Both those statistics are taken from the Morgan Stanley Capital International (MSCI) world index, a widely-followed benchmark. So, for the benefit of folk who ask why my top three shares by value are American, it may be worth pointing out that all the top ten shares in the MSCI World Index are American.

The second lesson of lockdowns flows from the first; diversification is the simplest and surest way to diminish the danger of catastrophic capital destruction. The aim is to reduce our exposure to the risk of shocks in any one company or commercial sector, country or currency.
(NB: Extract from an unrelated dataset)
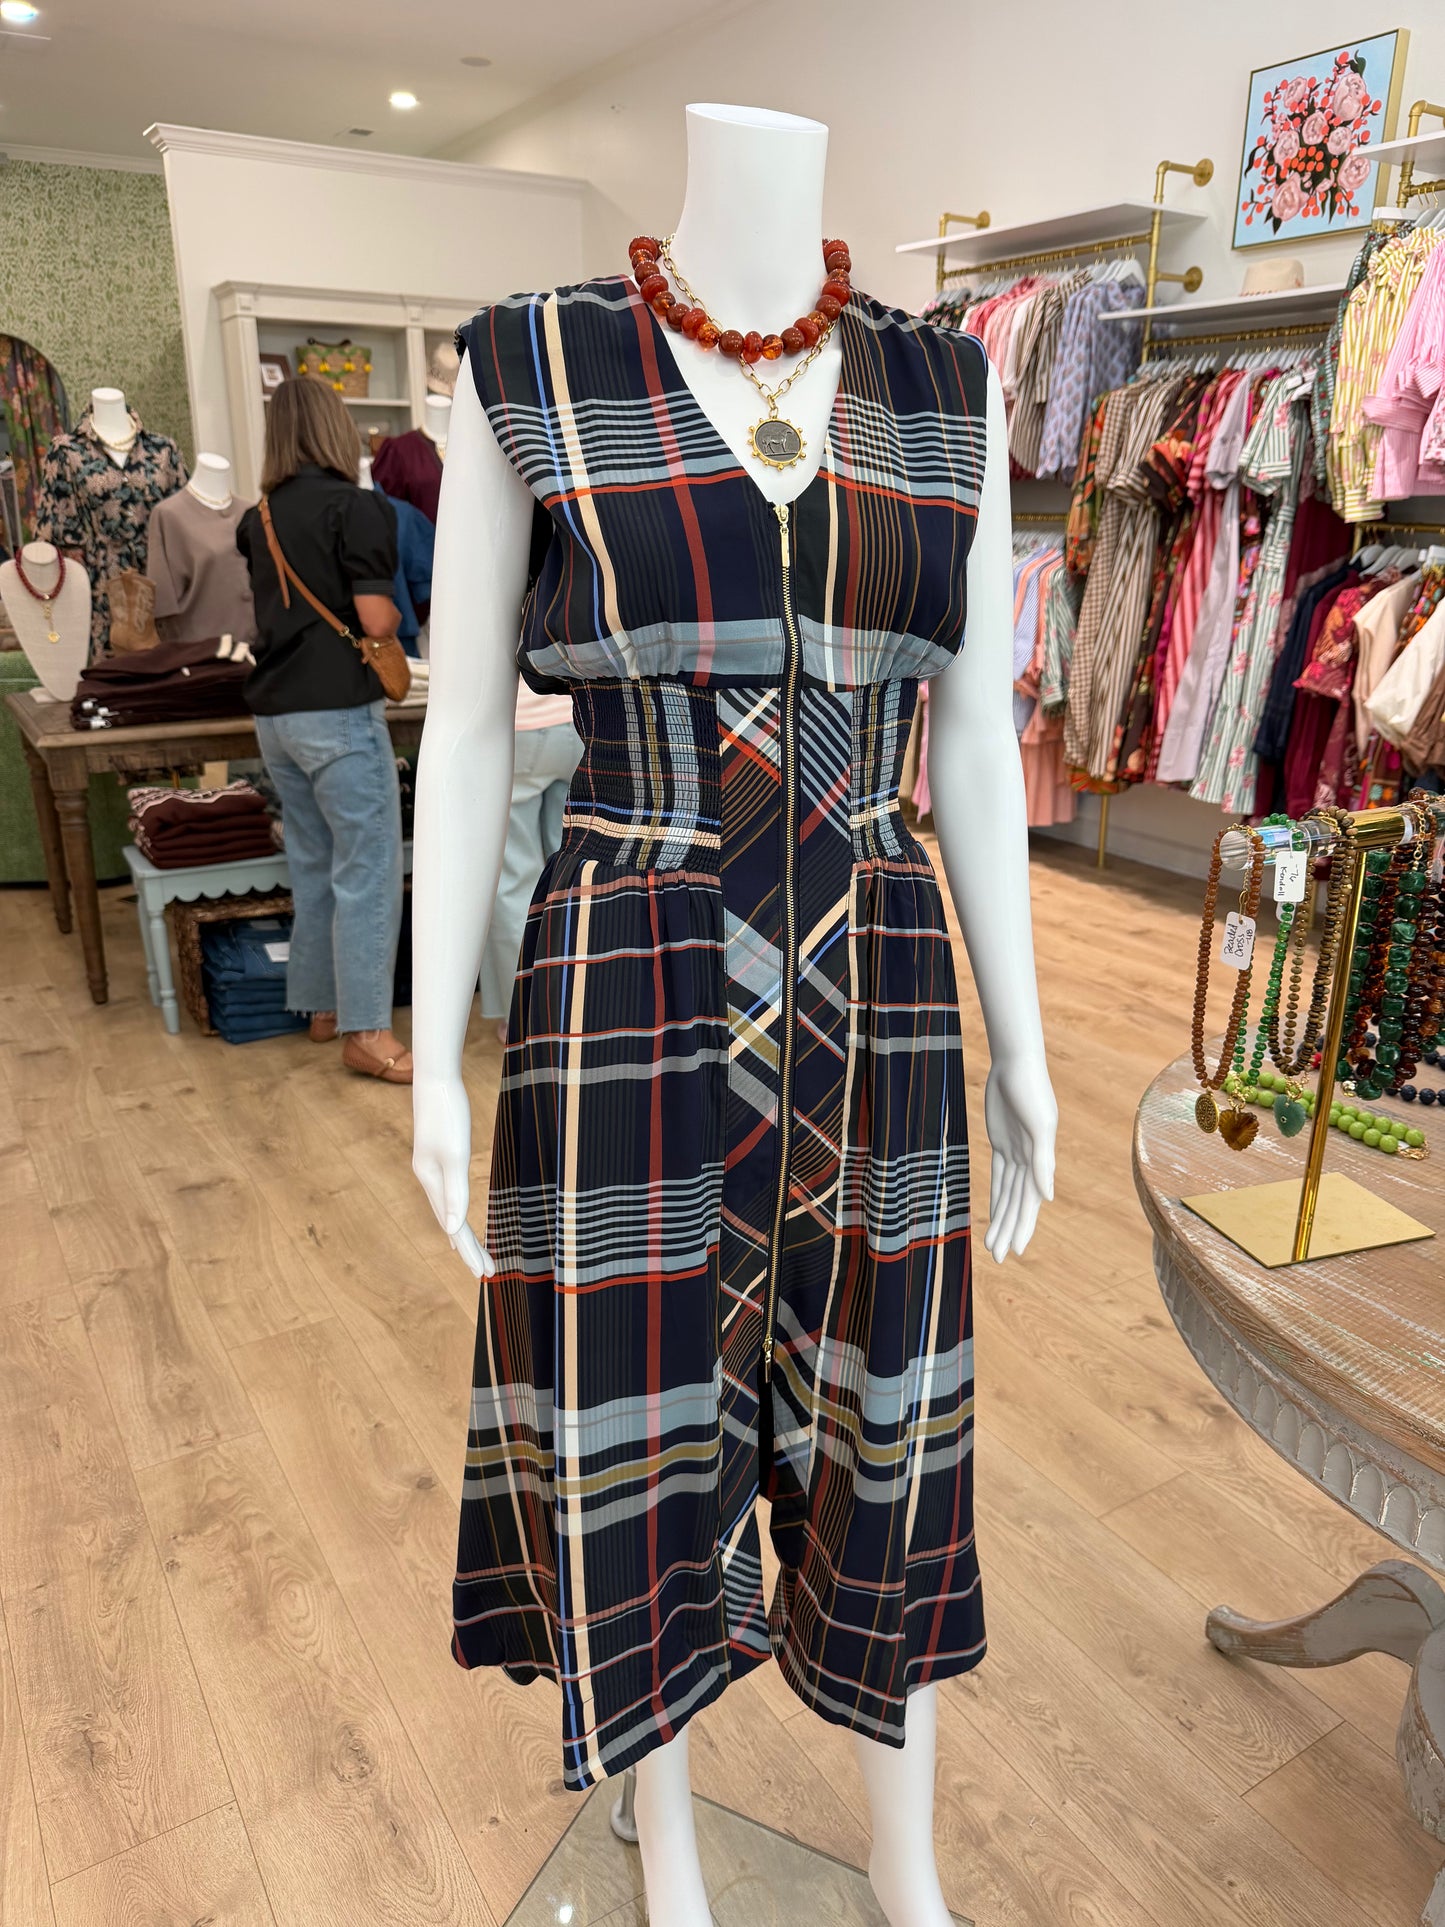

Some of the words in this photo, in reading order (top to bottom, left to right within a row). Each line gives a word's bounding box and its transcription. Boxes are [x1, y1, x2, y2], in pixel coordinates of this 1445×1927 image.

[1278, 866, 1287, 896] Kendall
[1223, 923, 1238, 954] Beaded
[1234, 933, 1245, 957] Cross
For example, my top ten shares by value are, in descending order, the technology giant Apple (stock market ticker: AAPL); the tractor-maker Deere (DE); the world’s biggest fast-food chain, McDonald’s (MCD); the Swiss food giant Nestlé (NESN); the agricultural commodities trader Archer Daniels Midland (ADM); the pharmaceutical group Pfizer (PFE); the Australian miner BHP Holdings (BHP); the self-descriptive investment trust Worldwide Healthcare (WWH); the German sports goods group Adidas (ADS); and the Danish diabetes and obesity-care pharmaceuticals company Novo-Nordisk (NVO).

The third lesson is follow the money, whatever happens, because it’s an ill wind that blows no good. However grim the immediate outlook and however obvious the losers may be, the economic sun is shining somewhere and there will be businesses that benefit.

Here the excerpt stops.